[Given records Boundary: Start]
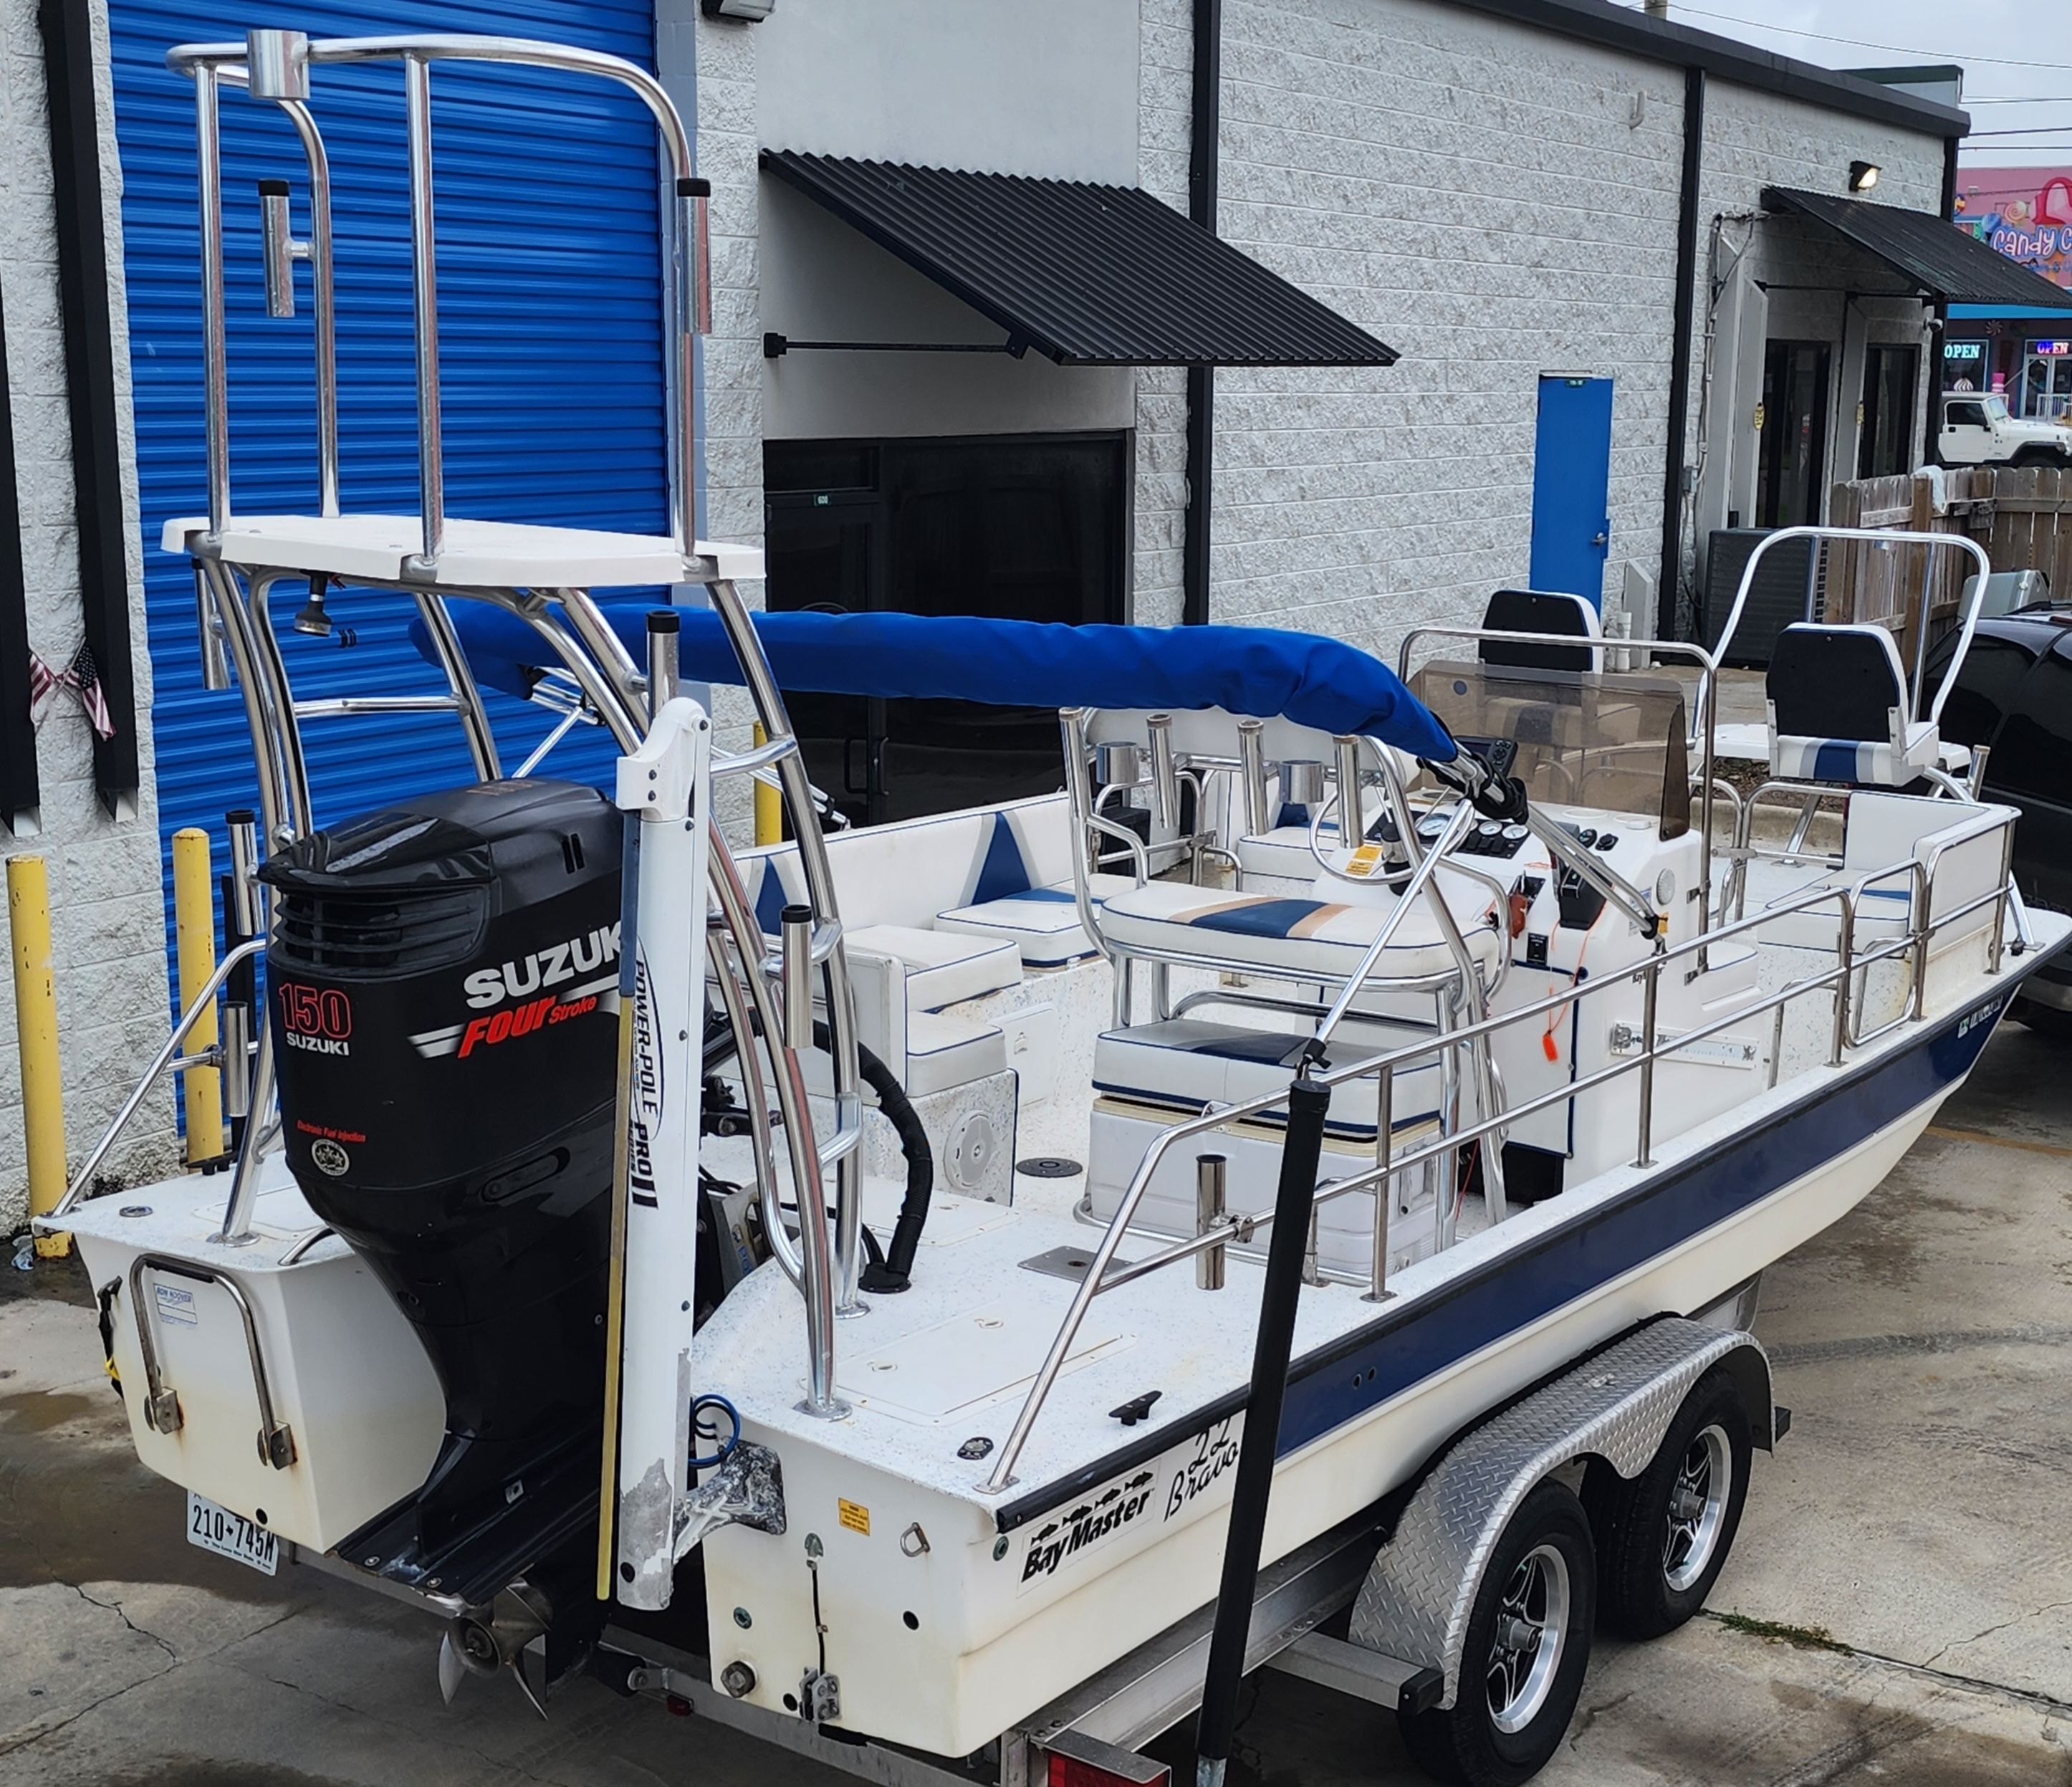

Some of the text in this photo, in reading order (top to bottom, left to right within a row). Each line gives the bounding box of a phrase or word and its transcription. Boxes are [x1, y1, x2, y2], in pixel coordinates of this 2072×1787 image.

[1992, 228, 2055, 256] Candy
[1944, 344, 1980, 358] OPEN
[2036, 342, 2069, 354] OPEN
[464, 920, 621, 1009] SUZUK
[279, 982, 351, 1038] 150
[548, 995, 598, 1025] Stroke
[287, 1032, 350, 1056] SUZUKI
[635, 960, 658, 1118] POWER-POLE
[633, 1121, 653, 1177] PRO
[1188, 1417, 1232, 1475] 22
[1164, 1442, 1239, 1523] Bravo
[Given records Boundary: End]
- [What is being asked]:
Without the pictures, copy the material exactly as given.

- [Response for this exercise]:
Some of the text in this photo, in reading order (top to bottom, left to right within a row). Each line gives the bounding box of a phrase or word and its transcription. Boxes are [x1, y1, x2, y2], in pixel coordinates of this 2072×1787 image.

[1992, 228, 2055, 256] Candy
[1944, 344, 1980, 358] OPEN
[2036, 342, 2069, 354] OPEN
[464, 920, 621, 1009] SUZUK
[279, 982, 351, 1038] 150
[548, 995, 598, 1025] Stroke
[287, 1032, 350, 1056] SUZUKI
[635, 960, 658, 1118] POWER-POLE
[633, 1121, 653, 1177] PRO
[1188, 1417, 1232, 1475] 22
[1164, 1442, 1239, 1523] Bravo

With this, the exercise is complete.